Decker took the notebook and opened it carefully. A small, concise handwritten script covered the page in neat lines. He closed the book and slid it into his jacket. “Be nice to have something to read on the trip.”
“Written word is the only form of information that is safe from Weedly,” Morelan said. “If you have something to communicate or remember that you don’t want him knowing, don’t speak it. Don’t put it into a computer. Write it down.”
“So this conversation we’re having right now,” Decker said, “It’s not safe?”
“It’s safe as I can make it,” Morelan said.
The truck drove through the rubble that had been Firewall Zero’s front gate. A crew of tool-wielding Infects knelt and stooped and climbed over the wreckage, parting just enough to let the vehicle pass.

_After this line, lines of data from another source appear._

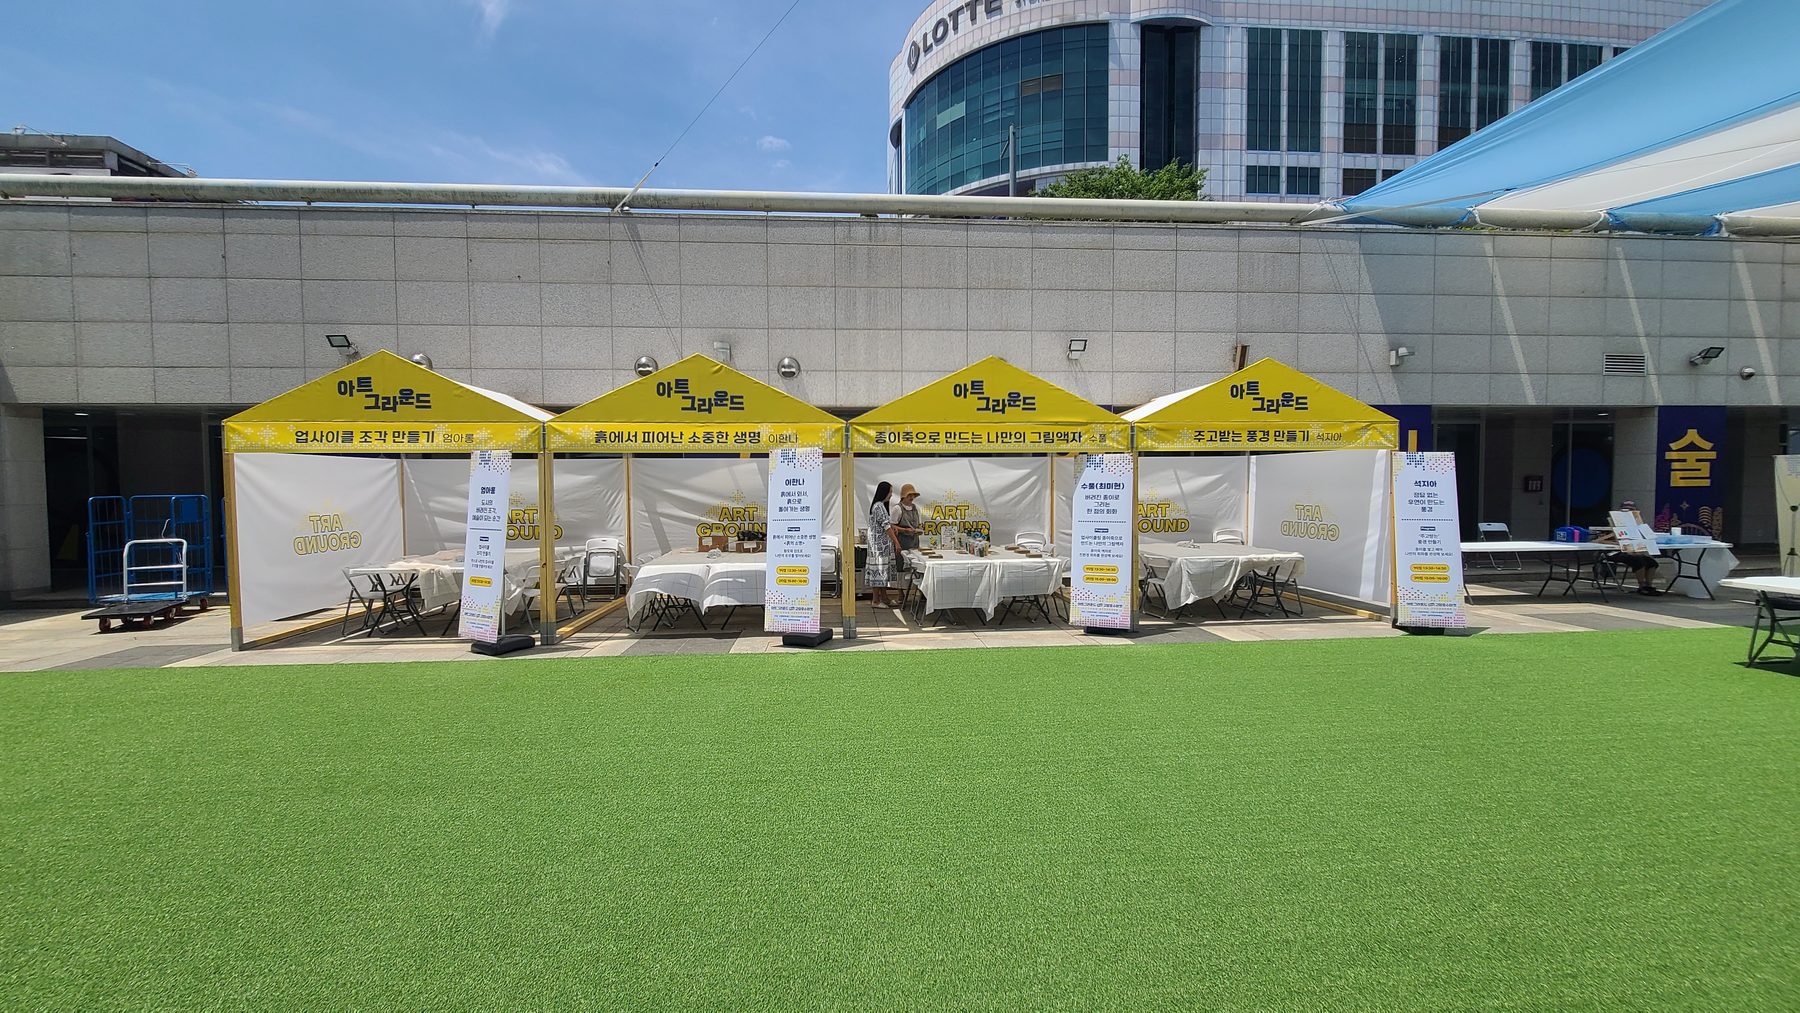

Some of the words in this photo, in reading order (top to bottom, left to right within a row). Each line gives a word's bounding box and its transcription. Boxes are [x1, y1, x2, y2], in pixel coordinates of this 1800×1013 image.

[922, 0, 1003, 51] LOTTE
[337, 376, 373, 397] 아트
[656, 378, 690, 398] 아트
[953, 380, 985, 399] 아트
[1230, 381, 1260, 400] 아트
[364, 388, 432, 413] 그라운드
[680, 390, 745, 414] 그라운드
[976, 391, 1037, 415] 그라운드
[1252, 392, 1309, 414] 그라운드
[294, 430, 355, 444] 업사이클
[359, 430, 388, 444] 조각
[392, 430, 435, 444] 만들기
[594, 430, 638, 444] 흙에서
[641, 430, 684, 444] 피어난
[688, 430, 729, 444] 소중한
[733, 430, 761, 444] 생명
[768, 433, 799, 445] 이한나
[874, 431, 941, 445] 종이죽으로
[944, 431, 983, 444] 만드는
[987, 431, 1026, 444] 나만의
[1030, 431, 1083, 445] 그림액자
[1193, 430, 1242, 443] 주고받는
[1246, 430, 1270, 443] 풍경
[1273, 430, 1310, 443] 만들기
[1316, 432, 1342, 442] 석지아
[1665, 428, 1717, 487] 술
[784, 478, 805, 486] 이한나
[1413, 480, 1437, 488] 석지아
[719, 506, 758, 521] ART
[931, 505, 969, 520] ART
[696, 522, 767, 537] GROUN
[1138, 518, 1190, 533] OUND

Decker looked out the window. Only a centimeter of glass and a few feet of air between him and the closest Infect, a slender woman carrying a large piece of twisted metal slag. She’d had ocular aesthetic enhancement—when she was alive, her eyes would have glittered with a rainbow of color. Now her eyes were gray and lifeless, webbed with a grid of inactive cybernetic filters.
A shudder went through Decker’s shoulders, the tiny jab of a long-submerged fear. At one time, he would have been walking into one of these places with Alice by his side and the constant knowledge that one slip-up would bring a swarm of these dead freaks on them like army ants. Now he was riding right through the front door, sitting next to the most-feared warlord in the west. And he was apparently soon to be on a first-name basis with the virus that had started all this.
A bitter chuckle flared and died in his chest as he thought about what he’d give just to go back.